Supported Models: - claude-sonnet-4-5 — Balanced performance (default) - claude-haiku-4-5 — Fast responses - claude-opus-4-5 — Highest capability

Configuration:

# In Agent metadata
{
    "model_name": "claude-sonnet-4-5"
}

Core Features¶

Conversation Memory¶

Conversations are automatically persisted per user and thread. The MemoryStoreService handles storage using the ORM.

# Memory is managed automatically by process_chat()
# Each message is persisted immediately to prevent race conditions

# To access memory directly:
from grit.agent.store import MemoryStoreService

memory_service = MemoryStoreService()
namespace = ("memories", str(user.id))

# Get conversation history
memory = memory_service.get_memory(namespace, thread_id)
if memory:
    history = memory.value['conversation_history']

# List recent conversations (up to 20)
recent = memory_service.list_memories(namespace)

Thread Isolation: Each thread_id maintains its own conversation history.
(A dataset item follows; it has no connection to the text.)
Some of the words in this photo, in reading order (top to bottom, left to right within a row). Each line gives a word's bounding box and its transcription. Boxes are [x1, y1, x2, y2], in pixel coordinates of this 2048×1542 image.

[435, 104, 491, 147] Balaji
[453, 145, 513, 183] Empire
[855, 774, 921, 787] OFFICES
Create new threads with agent.create_new_thread(session_key).

Knowledge Base (RAG)¶

Enable semantic search over your documents using vector embeddings and pgvector.

1. Enable Knowledge Base:

# In Agent metadata
{
    "enable_knowledge_base": True
}

2. Link Knowledge Bases: Associate KnowledgeBase records with your Agent via the knowledge_bases many-to-many relationship.

3. Add Documents:

from grit.agent.store import KnowledgeBaseVectorStoreService

kb_service = KnowledgeBaseVectorStoreService()
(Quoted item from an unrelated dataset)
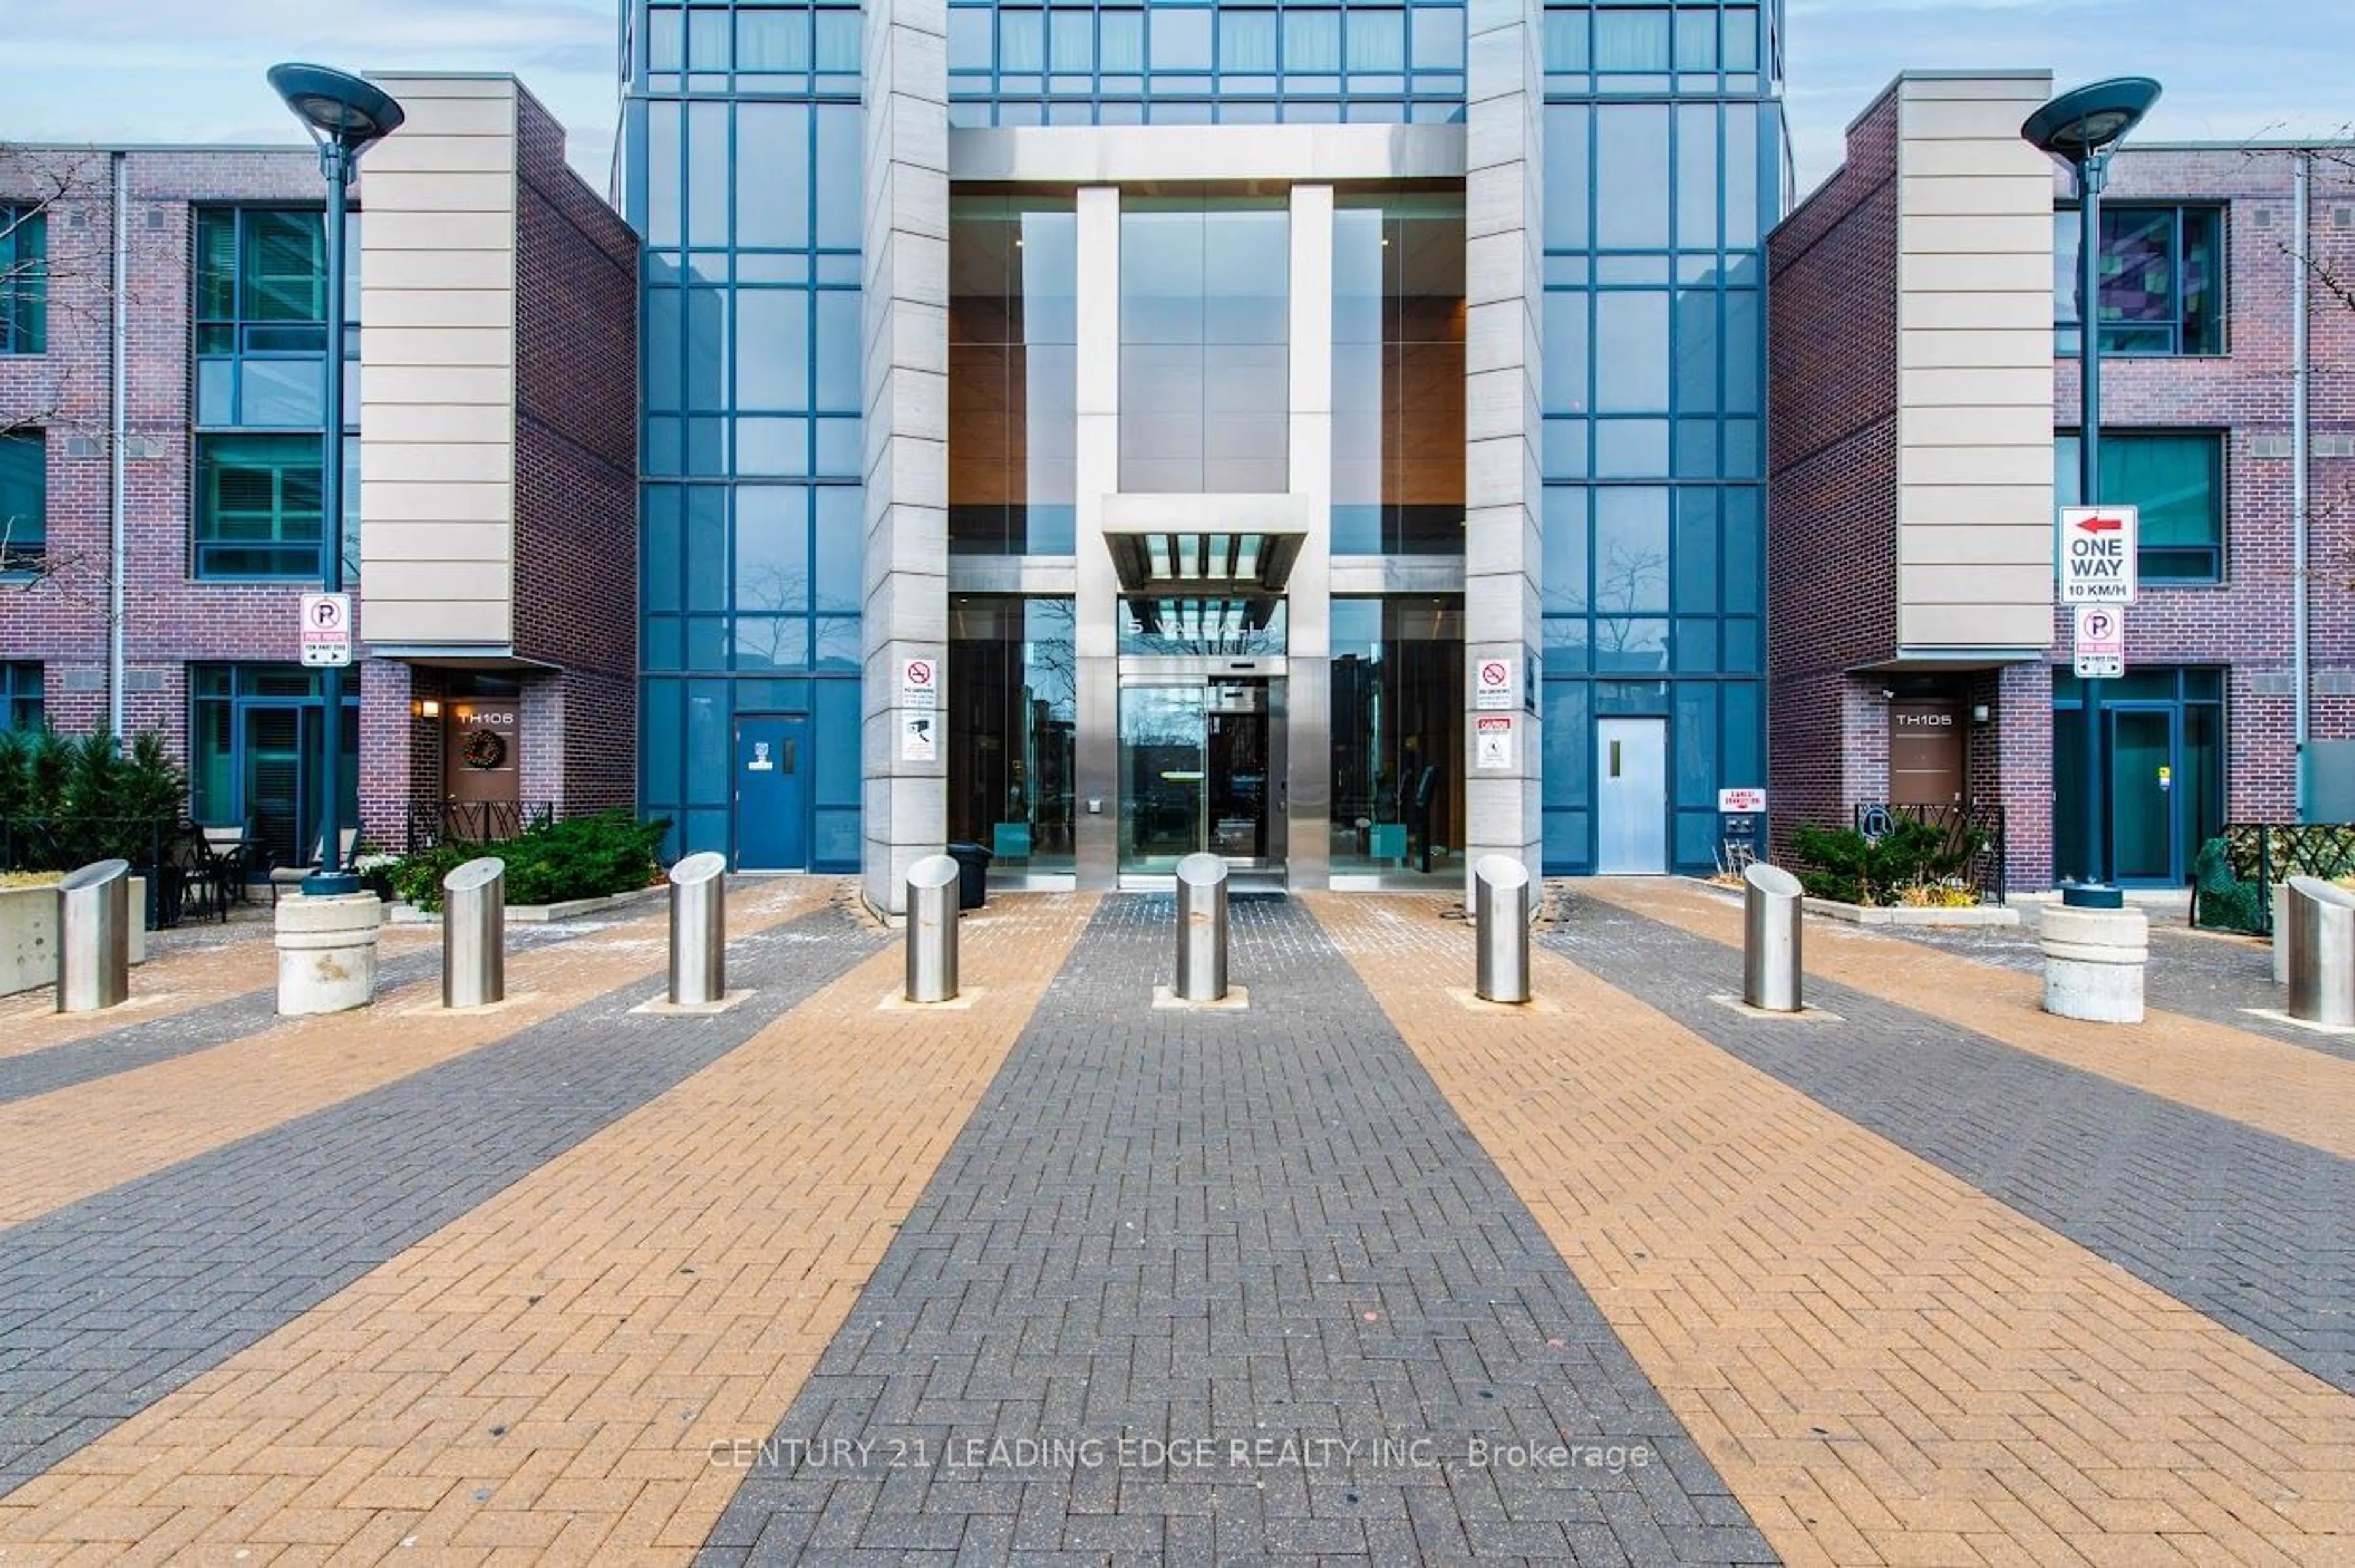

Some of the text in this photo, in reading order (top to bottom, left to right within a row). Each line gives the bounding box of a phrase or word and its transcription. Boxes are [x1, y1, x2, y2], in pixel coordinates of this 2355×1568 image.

# Add a document (automatically chunked and embedded)
kb_service.add_document(
    knowledge_base_id=str(knowledge_base.id),
    file_path="docs/faq.md",
    text="Your document content here...",
    chunk_size=300  # words per chunk
)

4. Automatic RAG Integration: When enable_knowledge_base is True, the agent automatically: - Searches linked knowledge bases for relevant content - Injects retrieved documents into the conversation context - Wraps results in <retrieved_knowledge> tags

Agent Handoffs¶

Delegate conversations to specialized sub-agents when specific expertise is needed.

1. Configure Sub-Agents: In the Admin, add agents to the sub_agents relationship on your main agent.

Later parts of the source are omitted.